Iraq: trillions of dollars, 3,084 lives, our foreign credibility…
February 6, 2007
My apology for peace continues. I’ll reiterate my intent – not to single-handedly end the war in Iraq and cast aside all pettiness and ignorance (though it would be nice), but to remind everybody what they are likely to forget when Bush decides Iran is looking at him funny.
There’s something we like about war, and I suspect it is because the last time any war was fought on our soil was in 1941 (Japan’s attack on Pearl Harbor), for one day. We certainly like soldiers and the whole warrior mystique. What I don’t think we realize is the cost.
David Leonhardt’s exhaustive Jan. 17 New York Times piece numbers our financial burden in Iraq at $1.2 trillion and climbing every day. He speculates on what else we could have done with such a staggering sum.
I say it doesn’t matter. Money is nothing – literally nothing. It is an imaginary entity that will one day be so much wasted paper. The feds recently made the decision not to change the interest rate and it got nationwide coverage – a man put in charge of managing nothing did nothing, and this is news.
The Iraq war cannot be measured in money – not in a way that means anything to anybody but Halliburton. For those of us who don’t have loved ones or friends serving over in the desert, the Iraq war means only the loss of money, and therefore it means nothing. Nobody who is reading this column right now has the slightest concept of $1.2 trillion.
If you want the cost we’re paying in Iraq, go to http://www.defenselink.mil/news/casualty.pdf. If you’re reading this online, copy it, paste it into your navigation bar, hit enter. Bookmark the page. This is the casualty report for Operation Iraqi Freedom and Operation Enduring Freedom. It is updated with regularity, and the numbers don’t ever go down. If you want to put this war into perspective, go ahead and check it every now and again. As of this writing, there have been more than 3,400 troops killed in action in Iraq, Afghanistan and other countries.
The Department of Defense divides Operation Iraqi Freedom casualties into two categories – “Combat Operations” and “Post-Combat Ops,” the latter meaning deaths that occurred after Bush’s infamous “Mission Accomplished” speech on May 1, 2003.

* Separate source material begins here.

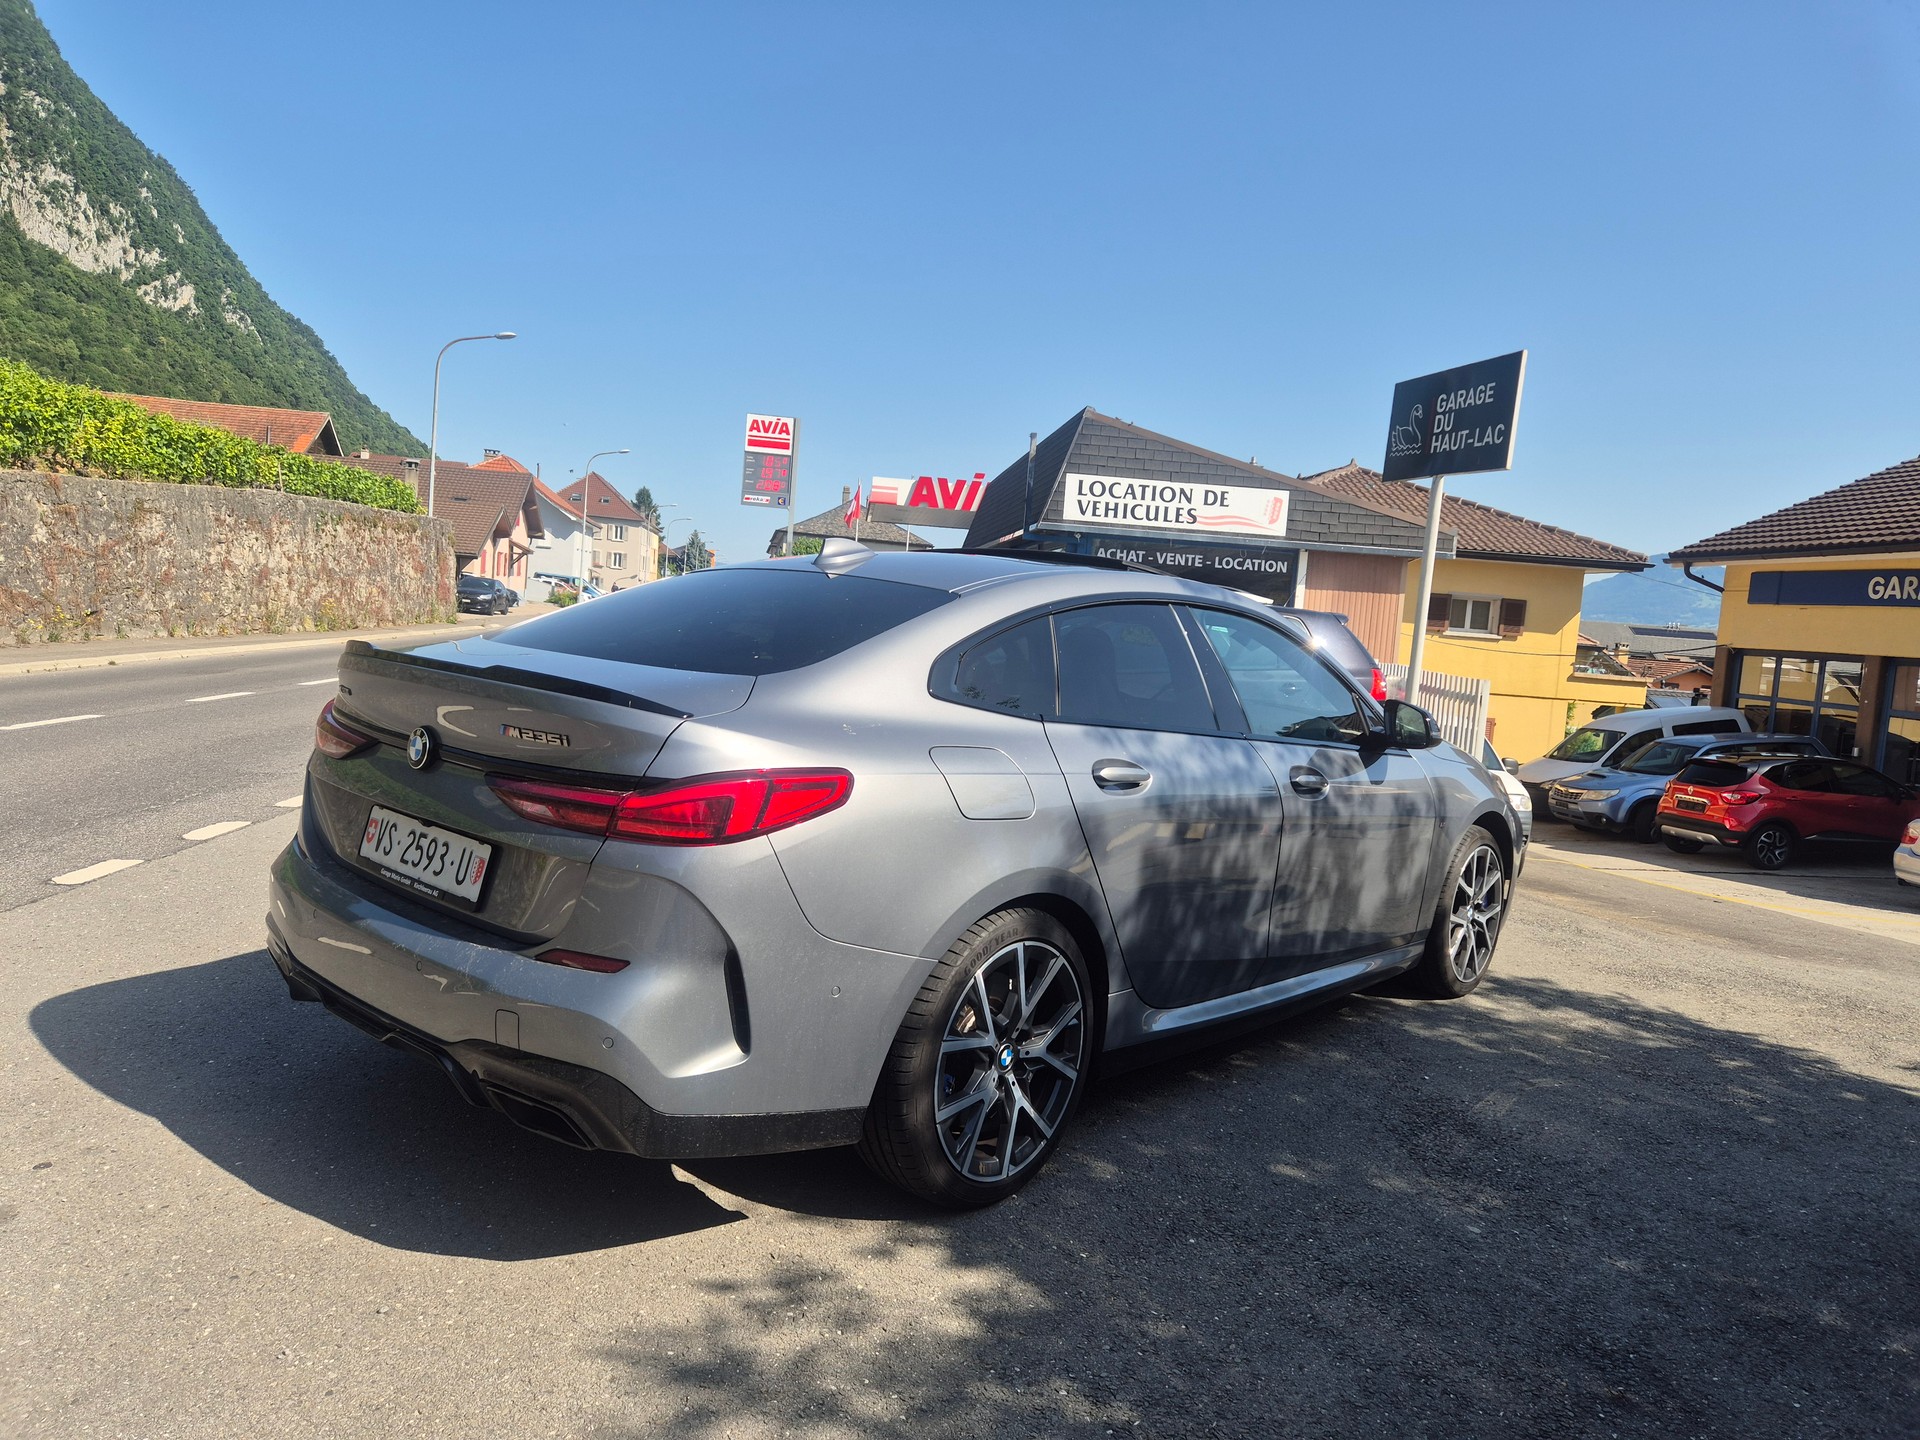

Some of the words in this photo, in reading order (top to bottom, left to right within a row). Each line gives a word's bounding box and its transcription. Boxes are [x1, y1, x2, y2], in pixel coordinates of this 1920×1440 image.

According to the Department of Defense, only about 140 of the 3,084 soldiers lost in Iraq died during “Combat Operations.” The other 2,900 have all died in “Post Combat Ops.” According to semantics, the fighting there is over, but we’ve still lost 21 times as many troops since it stopped. We’ve been in “Post Combat Ops” for nearly four full years, while “Combat Operations” only lasted about five or six weeks.
It has been apparent from the beginning that Bush doesn’t take this war seriously and it seems the Department of Defense doesn’t either. I wonder how a war widow or an orphaned kid would feel if they looked up this casualty report and saw their husband or their mother or father listed as dying after the fighting was over.
Chances are that you know somebody who knows somebody who died in “Post-Combat Ops.” As the days keep going and more roadside bombs keep blowing up, that likelihood will continue increasing, and you will become less removed.
There are nearly no politicians who have any children fighting in Iraq. They don’t understand the cost, and this is why they’re telling Iraqis to quit complaining and start fixing the mess that we made for them. We’ve got to make them understand that their lack of understanding is going to cost them votes and money – the only things they do understand. We did that this past November in one great voice heard all across the nation – let’s show them it wasn’t a fluke and keep our troops out of another country that doesn’t want or need us.
Kenneth Lowe is the perspective editor for the Northern Star.